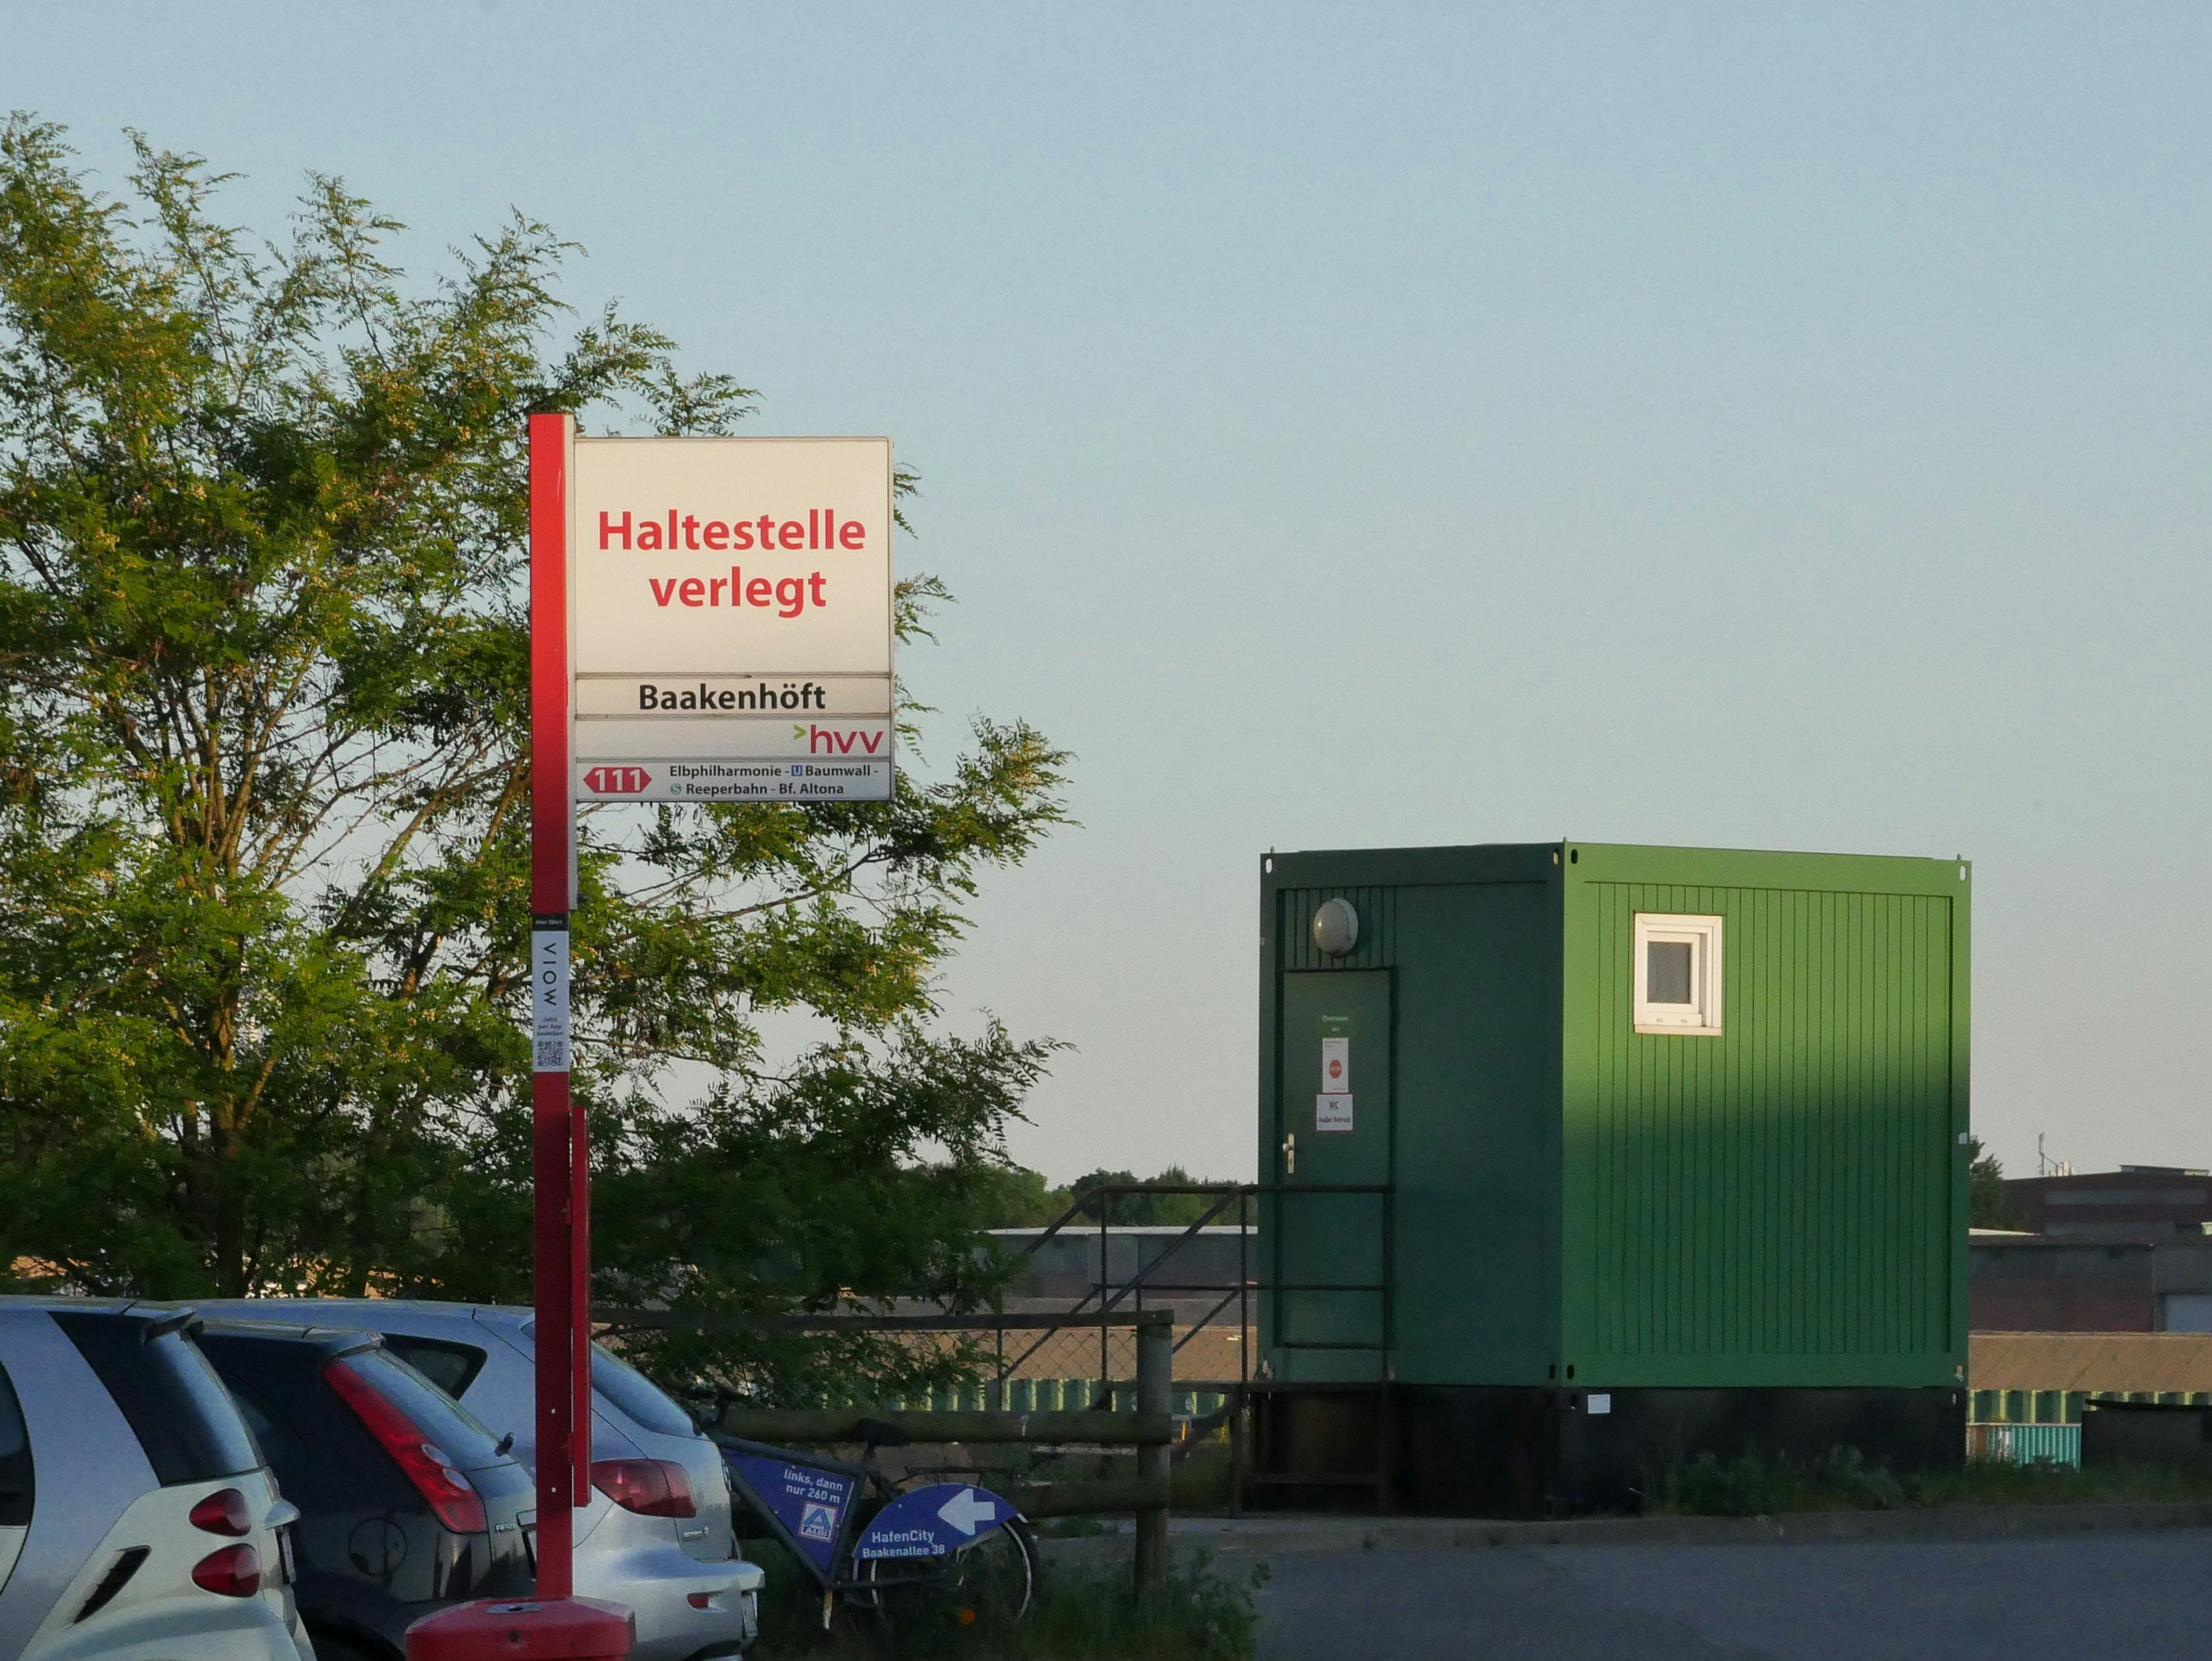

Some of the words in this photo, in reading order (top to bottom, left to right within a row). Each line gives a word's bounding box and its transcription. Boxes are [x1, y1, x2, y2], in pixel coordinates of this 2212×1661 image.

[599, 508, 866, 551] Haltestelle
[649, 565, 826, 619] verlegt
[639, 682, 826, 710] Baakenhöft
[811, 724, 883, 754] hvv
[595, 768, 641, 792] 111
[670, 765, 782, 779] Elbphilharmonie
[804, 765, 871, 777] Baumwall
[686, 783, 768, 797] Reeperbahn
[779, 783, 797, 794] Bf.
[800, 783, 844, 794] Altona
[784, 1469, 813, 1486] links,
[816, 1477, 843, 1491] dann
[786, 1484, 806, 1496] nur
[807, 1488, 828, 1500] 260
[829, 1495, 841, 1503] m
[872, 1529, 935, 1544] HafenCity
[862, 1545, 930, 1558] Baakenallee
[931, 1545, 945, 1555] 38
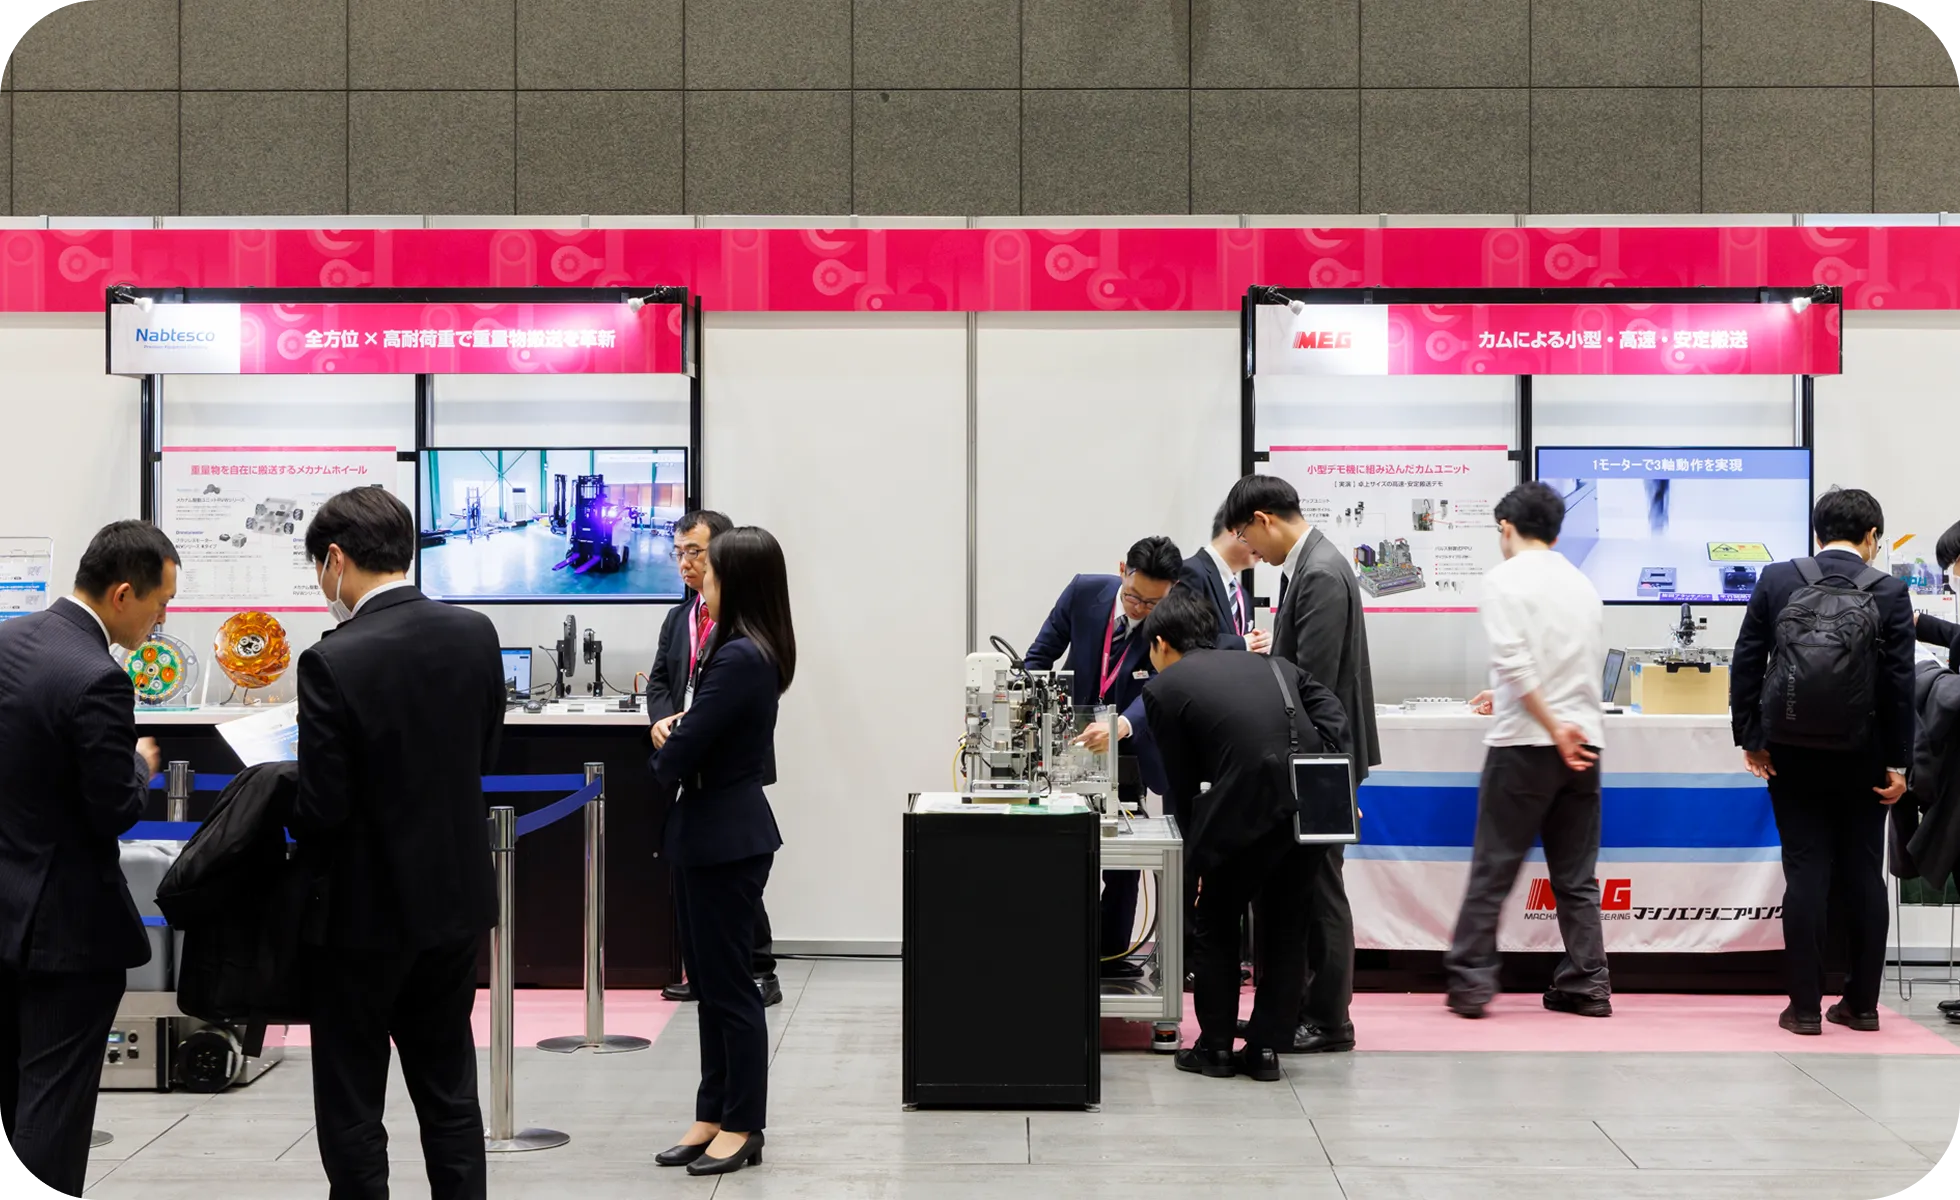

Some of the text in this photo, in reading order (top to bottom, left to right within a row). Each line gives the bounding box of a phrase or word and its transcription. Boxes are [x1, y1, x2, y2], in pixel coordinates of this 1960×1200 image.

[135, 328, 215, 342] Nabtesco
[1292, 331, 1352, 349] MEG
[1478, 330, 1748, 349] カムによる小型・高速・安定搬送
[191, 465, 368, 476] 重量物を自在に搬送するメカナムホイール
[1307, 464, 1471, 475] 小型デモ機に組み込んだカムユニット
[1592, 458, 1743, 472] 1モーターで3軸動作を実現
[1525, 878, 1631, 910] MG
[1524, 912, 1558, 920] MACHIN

━━━━━━

> Required work
Please write out all of the data verbatim, with no pictures in the copy.

> Solution to the exercise
Some of the words in this photo, in reading order (top to bottom, left to right within a row). Each line gives a word's bounding box and its transcription. Boxes are [x1, y1, x2, y2], in pixel coordinates of this 2212×1661 image.

[599, 508, 866, 551] Haltestelle
[649, 565, 826, 619] verlegt
[639, 682, 826, 710] Baakenhöft
[811, 724, 883, 754] hvv
[595, 768, 641, 792] 111
[670, 765, 782, 779] Elbphilharmonie
[804, 765, 871, 777] Baumwall
[686, 783, 768, 797] Reeperbahn
[779, 783, 797, 794] Bf.
[800, 783, 844, 794] Altona
[784, 1469, 813, 1486] links,
[816, 1477, 843, 1491] dann
[786, 1484, 806, 1496] nur
[807, 1488, 828, 1500] 260
[829, 1495, 841, 1503] m
[872, 1529, 935, 1544] HafenCity
[862, 1545, 930, 1558] Baakenallee
[931, 1545, 945, 1555] 38

Some of the text in this photo, in reading order (top to bottom, left to right within a row). Each line gives the bounding box of a phrase or word and its transcription. Boxes are [x1, y1, x2, y2], in pixel coordinates of this 1960×1200 image.

[135, 328, 215, 342] Nabtesco
[1292, 331, 1352, 349] MEG
[1478, 330, 1748, 349] カムによる小型・高速・安定搬送
[191, 465, 368, 476] 重量物を自在に搬送するメカナムホイール
[1307, 464, 1471, 475] 小型デモ機に組み込んだカムユニット
[1592, 458, 1743, 472] 1モーターで3軸動作を実現
[1525, 878, 1631, 910] MG
[1524, 912, 1558, 920] MACHIN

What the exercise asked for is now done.